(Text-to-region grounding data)

──────

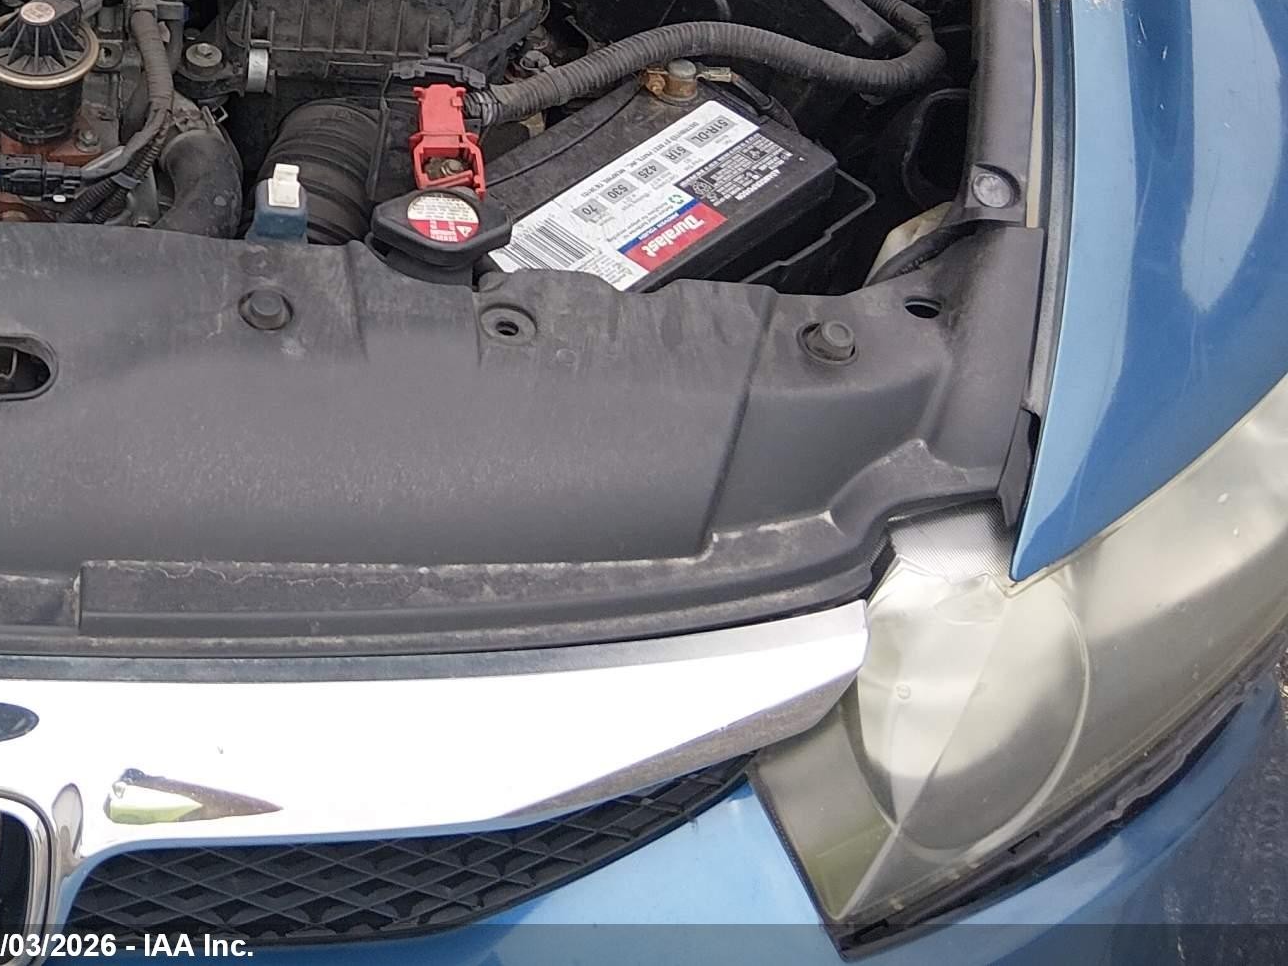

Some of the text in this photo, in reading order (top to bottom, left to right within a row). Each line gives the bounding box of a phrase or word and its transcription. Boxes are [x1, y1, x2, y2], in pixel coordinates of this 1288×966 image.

[666, 145, 687, 161] 51R
[637, 163, 658, 179] 425
[607, 183, 628, 199] 530
[582, 204, 598, 216] 70
[641, 214, 705, 258] Duralast
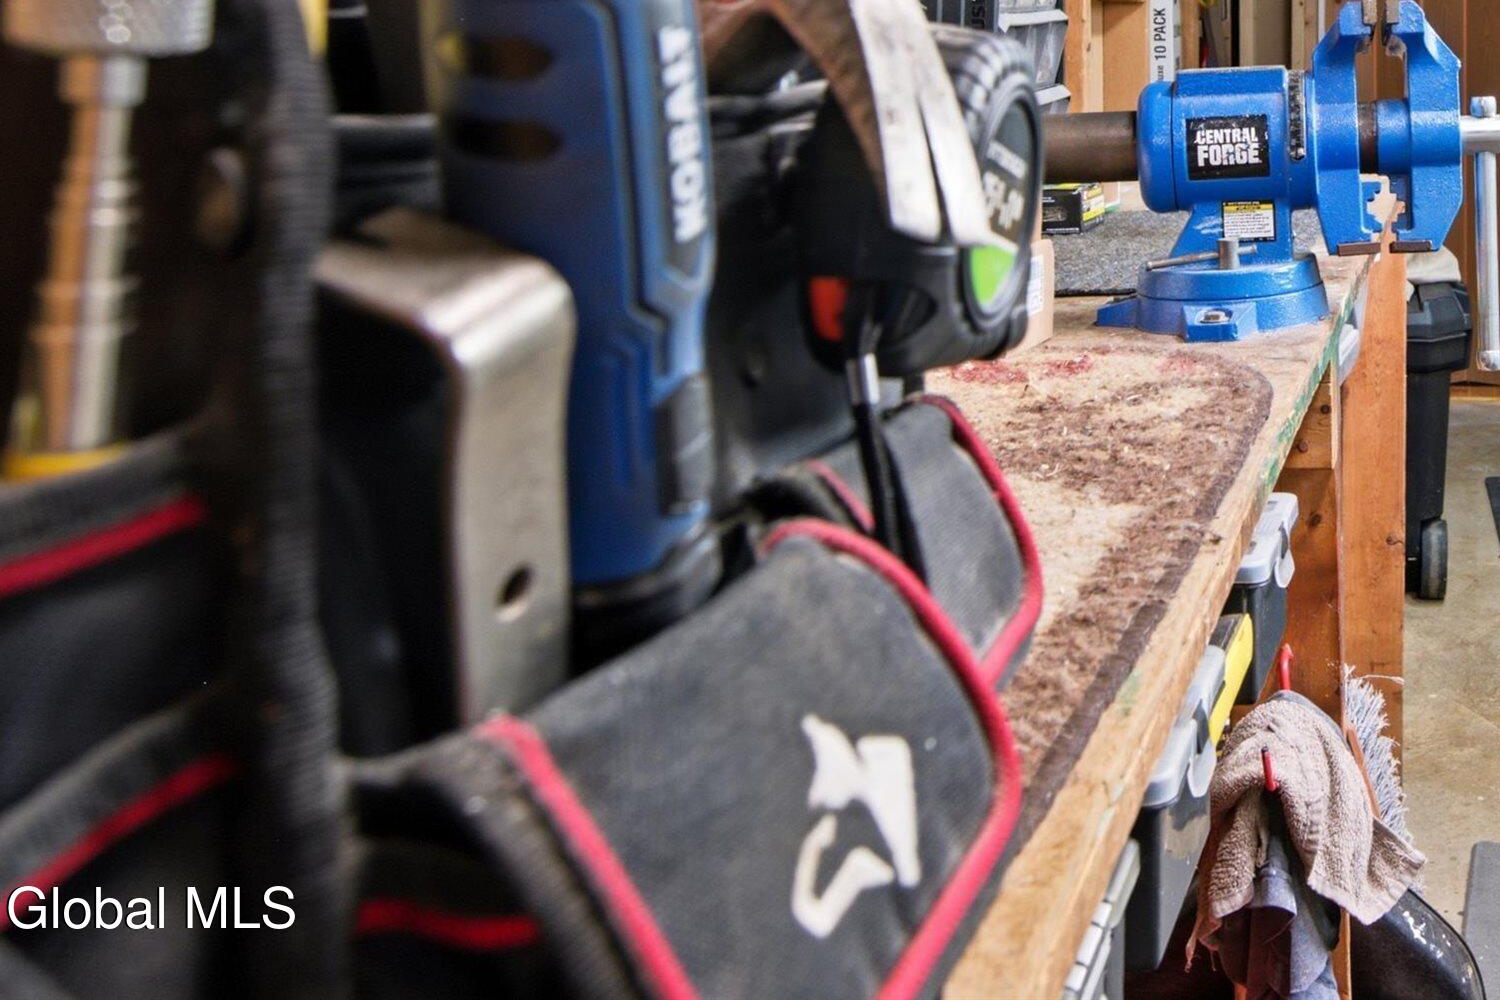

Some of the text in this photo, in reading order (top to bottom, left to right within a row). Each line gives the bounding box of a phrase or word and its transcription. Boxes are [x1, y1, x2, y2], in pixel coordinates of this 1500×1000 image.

[1153, 8, 1167, 41] PACK
[1154, 45, 1167, 60] 10
[659, 26, 707, 244] KOBALT
[1194, 127, 1259, 145] CENTRAL
[1197, 142, 1262, 167] FORGE
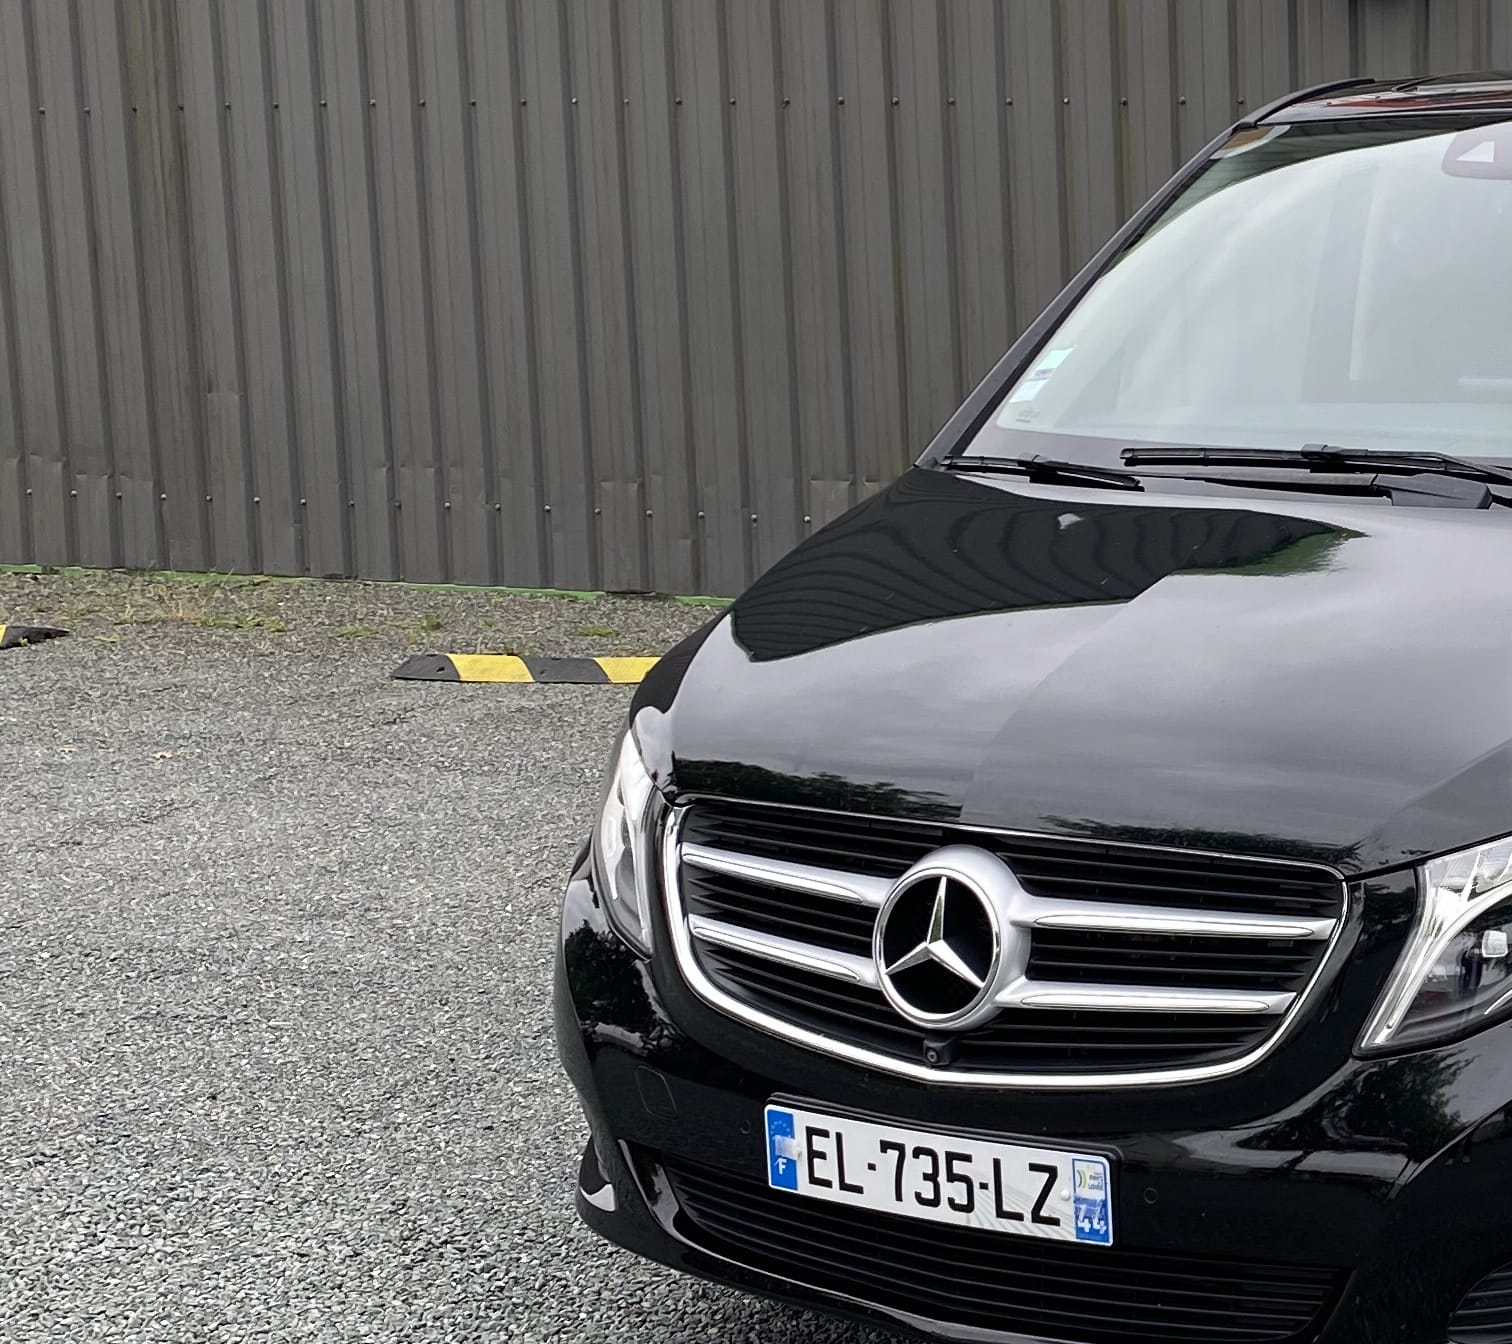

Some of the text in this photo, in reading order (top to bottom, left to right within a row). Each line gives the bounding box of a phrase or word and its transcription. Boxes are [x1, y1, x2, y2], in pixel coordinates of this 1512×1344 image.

──────

Work to be completed: Start to finish, write out the data above exactly, omitting all pictures.

Solution for this task:
Some of the text in this photo, in reading order (top to bottom, left to right within a row). Each line gives the bounding box of a phrase or word and its transcription. Boxes are [x1, y1, x2, y2], in pixel coordinates of this 1288×966 image.

[666, 145, 687, 161] 51R
[637, 163, 658, 179] 425
[607, 183, 628, 199] 530
[582, 204, 598, 216] 70
[641, 214, 705, 258] Duralast

Some of the text in this photo, in reading order (top to bottom, left to right within a row). Each line gives the bounding box of a phrase or word and its transcription. Boxes are [x1, y1, x2, y2], in pixel coordinates of this 1500×1000 image.

[1153, 8, 1167, 41] PACK
[1154, 45, 1167, 60] 10
[659, 26, 707, 244] KOBALT
[1194, 127, 1259, 145] CENTRAL
[1197, 142, 1262, 167] FORGE

Some of the text in this photo, in reading order (top to bottom, left to right within a row). Each line gives the bounding box of a phrase or word and its transcription. Boxes are [x1, y1, x2, y2], in pixel coordinates of this 1512×1344 image.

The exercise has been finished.